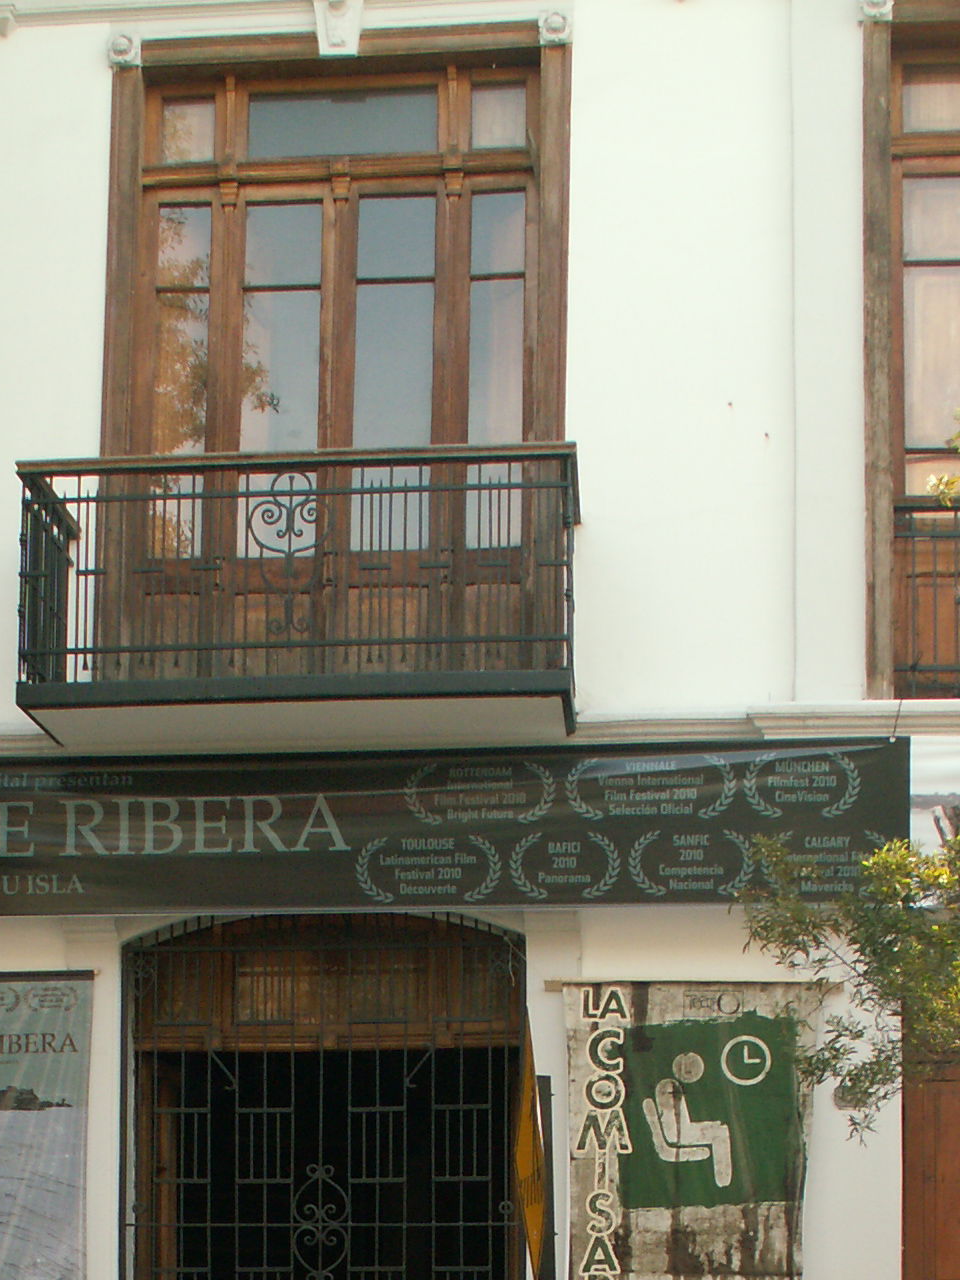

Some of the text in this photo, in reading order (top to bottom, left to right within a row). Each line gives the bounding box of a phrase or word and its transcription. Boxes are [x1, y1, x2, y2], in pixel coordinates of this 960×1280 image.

[625, 760, 677, 772] VIENNALE
[34, 773, 134, 792] presentan
[598, 774, 704, 787] Vienna International
[767, 775, 838, 788] Filmfest 2010
[604, 788, 698, 801] Film Festival 2010
[447, 808, 515, 822] Bright Future
[659, 803, 694, 815] Oficial
[58, 795, 352, 857] RIBERA
[401, 838, 455, 850] TOULOUSE
[672, 834, 710, 847] SANFIC
[804, 836, 851, 849] CALGARY
[547, 841, 581, 854] BAFICI
[379, 853, 477, 866] Latinamerican Film
[679, 849, 704, 861] 2010
[551, 857, 577, 869] 2010
[395, 867, 462, 881] Festival 2010
[538, 871, 591, 884] Panorama
[658, 864, 725, 878] Competencia
[26, 873, 85, 896] ISLA
[669, 879, 714, 891] Nacional
[581, 986, 630, 1021] LA
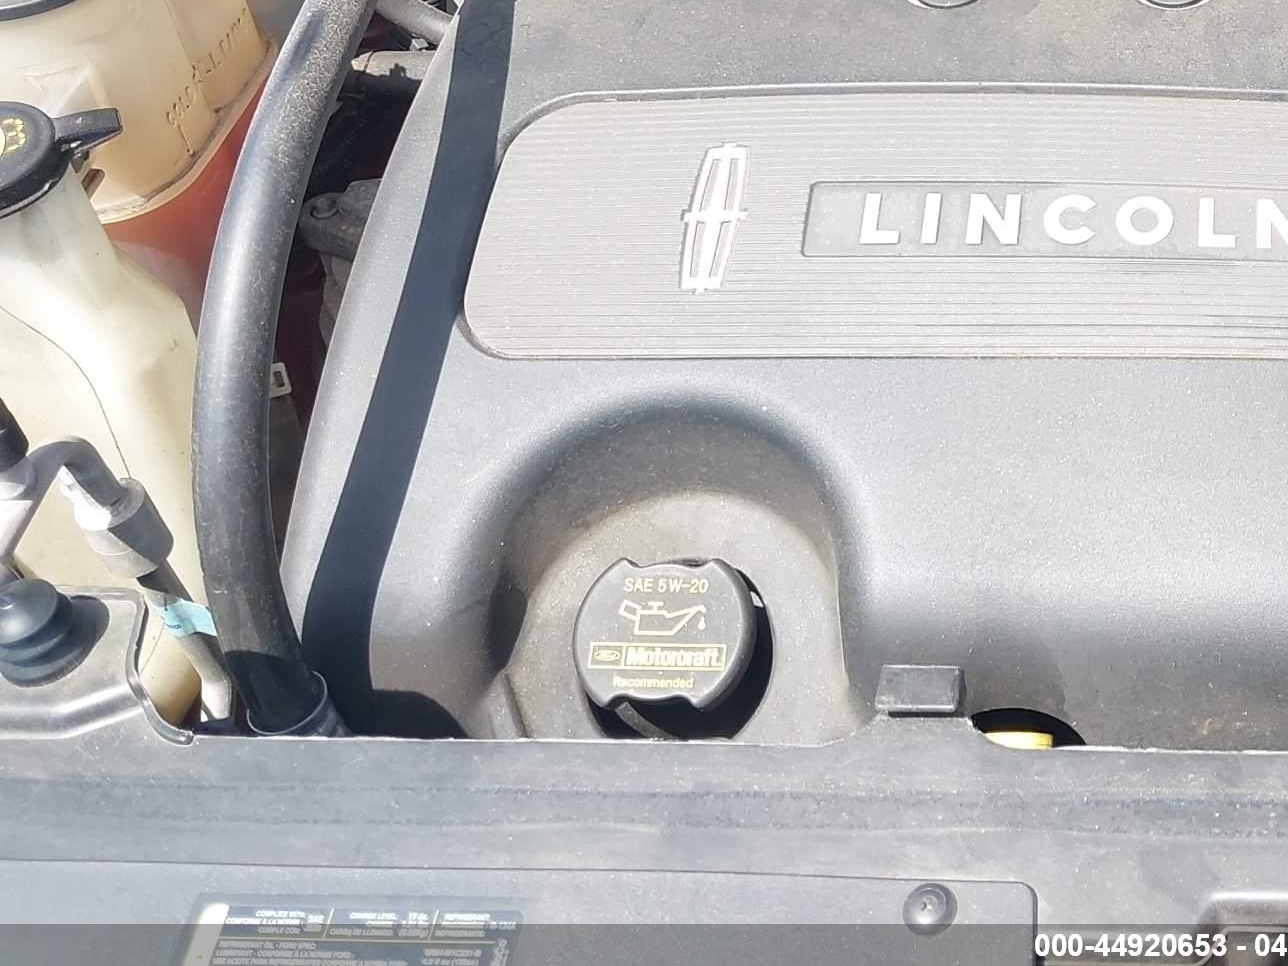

———

## WHAT YOU ARE ASKED TO DO
I need the entries printed exactly, with each picture left out.

## SOLUTION BELOW
Some of the text in this photo, in reading order (top to bottom, left to right within a row). Each line gives the bounding box of a phrase or word and its transcription. Boxes are [x1, y1, x2, y2], in pixel coordinates of this 960×1280 image.

[625, 760, 677, 772] VIENNALE
[34, 773, 134, 792] presentan
[598, 774, 704, 787] Vienna International
[767, 775, 838, 788] Filmfest 2010
[604, 788, 698, 801] Film Festival 2010
[447, 808, 515, 822] Bright Future
[659, 803, 694, 815] Oficial
[58, 795, 352, 857] RIBERA
[401, 838, 455, 850] TOULOUSE
[672, 834, 710, 847] SANFIC
[804, 836, 851, 849] CALGARY
[547, 841, 581, 854] BAFICI
[379, 853, 477, 866] Latinamerican Film
[679, 849, 704, 861] 2010
[551, 857, 577, 869] 2010
[395, 867, 462, 881] Festival 2010
[538, 871, 591, 884] Panorama
[658, 864, 725, 878] Competencia
[26, 873, 85, 896] ISLA
[669, 879, 714, 891] Nacional
[581, 986, 630, 1021] LA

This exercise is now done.